Journal of Colloid and Interface Science, Vol.490, 328-335, 2017
Fabrication of beta-carotene nanoemulsion-based delivery systems using dual-channel microfluidization: Physical and chemical stability
A considerable research effort is focused on developing effective delivery systems for hydrophobic nutraceuticals. beta-carotene, a pro-vitamin A carotenoid, requires encapsulation to improve its water dispersibility and chemical stability in foods. In this study, beta-carotene was encapsulated in oil-in-water nanoemulsions fabricated using high-pressure dual-channel microfluidization.

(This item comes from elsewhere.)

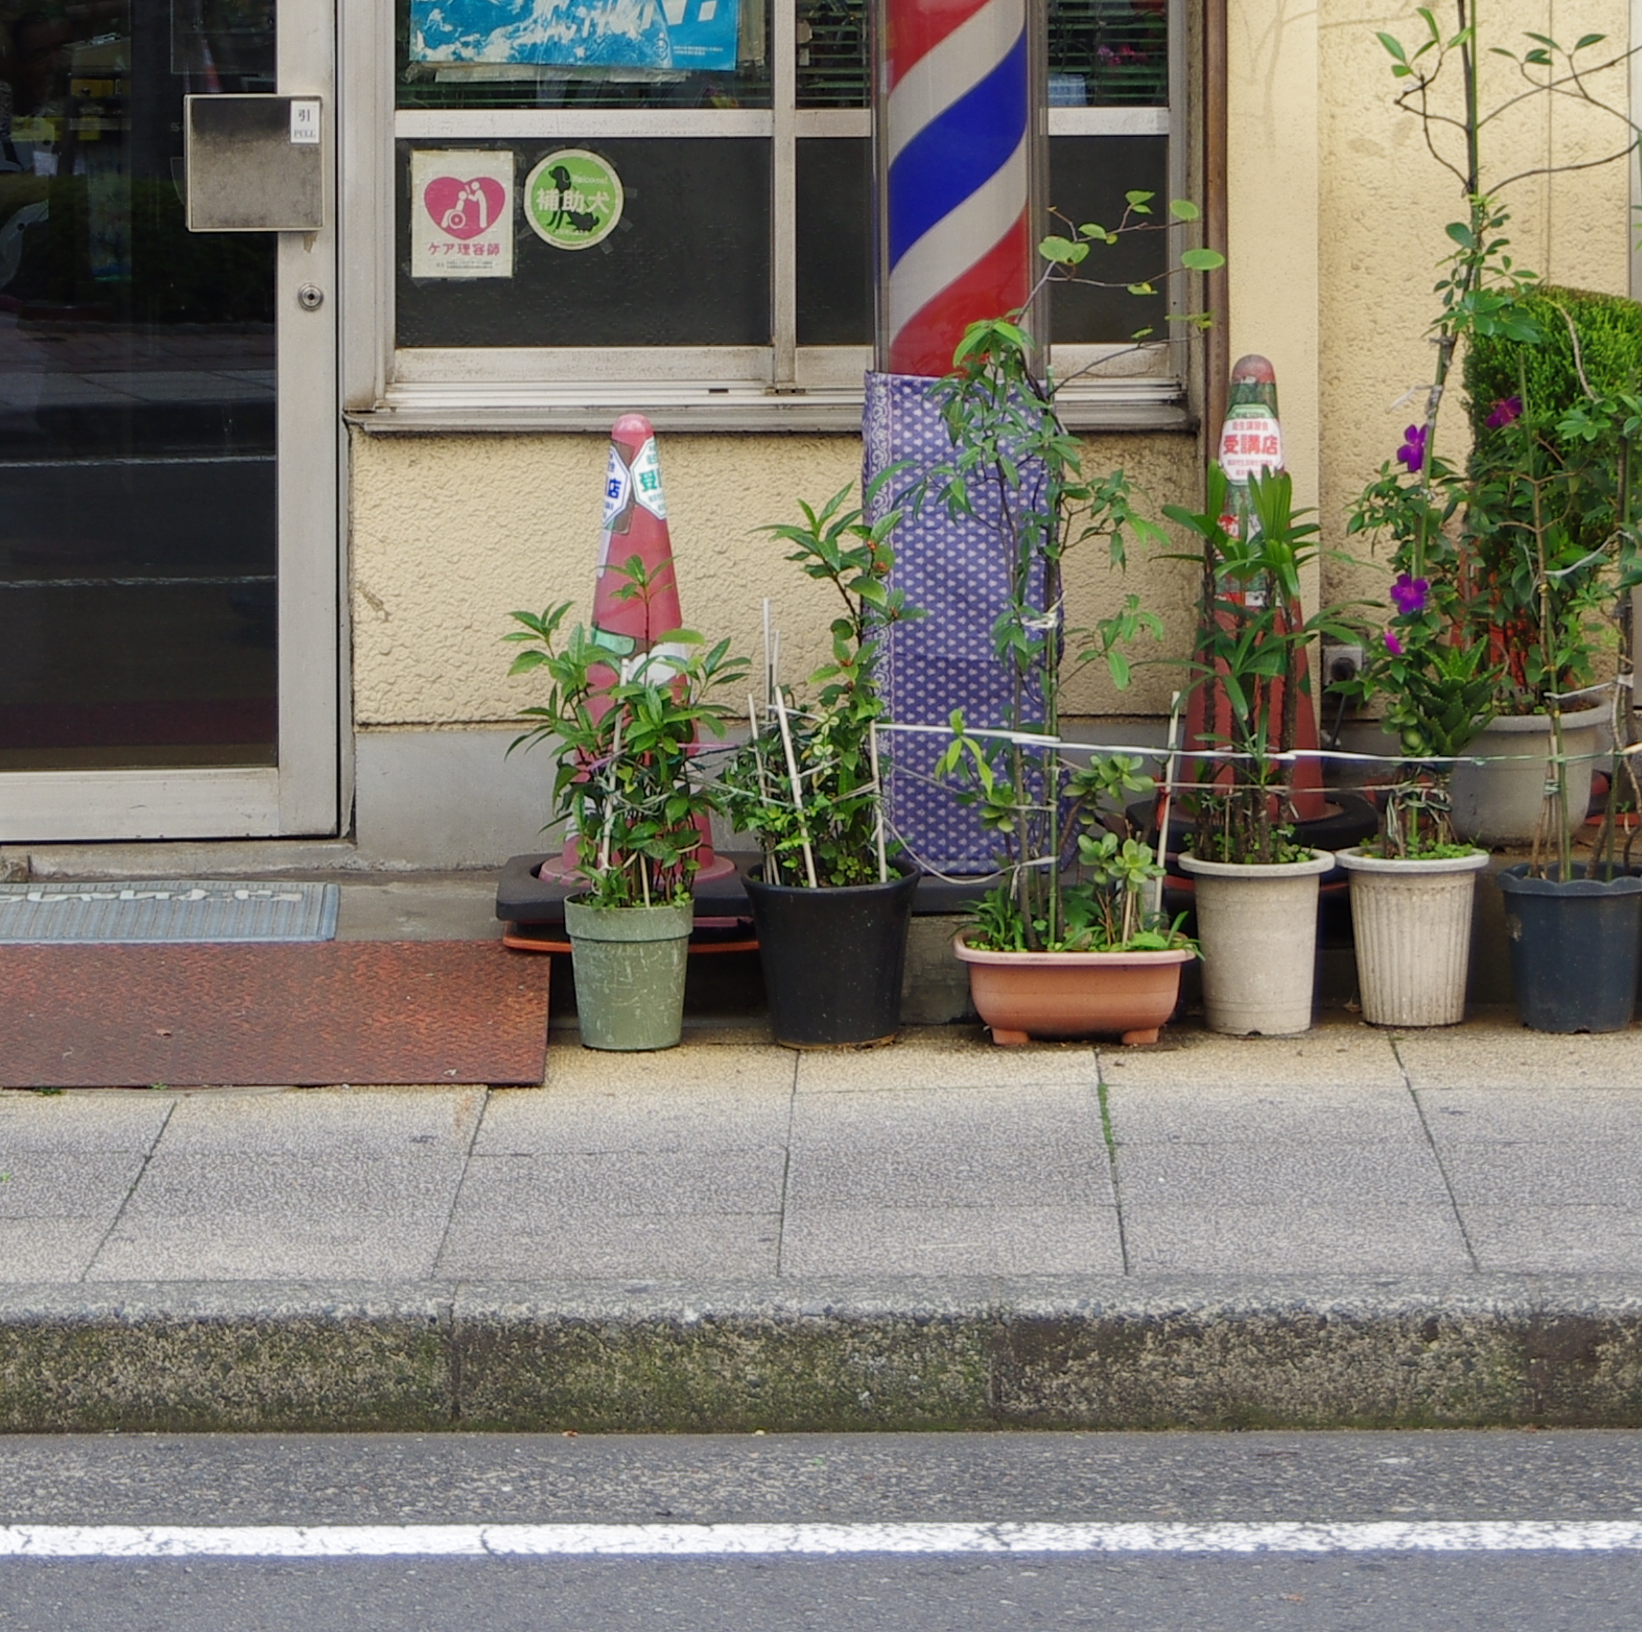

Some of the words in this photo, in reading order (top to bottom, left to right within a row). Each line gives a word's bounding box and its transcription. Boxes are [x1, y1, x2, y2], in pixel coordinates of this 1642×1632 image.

Two types of natural emulsifier, quillaja saponins (Q-Naturale) and whey protein isolate (WPI), were capable of producing nanoemulsions (d(32) = 0.14-0.16 mu m) using this novel homogenization method. The physical and chemical stability of these nanoemulsions were characterized during storage at neutral pH conditions at refrigeration (4 degrees C), ambient (25 degrees C), and elevated (55 degrees C) temperatures. At 4 and 25 degrees C, all nanoemulsions remained physically stable throughout 14 days storage, with little change in particle size or evidence of creaming. At 55 degrees C, WPI nanoemulsions were also physically stable, but a small amount of droplet aggregation occurred in saponin nanoemulsions. The rate of beta-carotene degradation increased with increasing storage temperature, but did not depend strongly on emulsifier type. This study showed that dual-channel microfluidization is an efficient method of continuously producing carotenoid-loaded nanoemulsions from natural emulsifiers. This knowledge may be useful for developing nutraceutical delivery systems for application within commercial food, beverage, and pharmaceutical products. (C) 2016 Elsevier Inc. All rights reserved.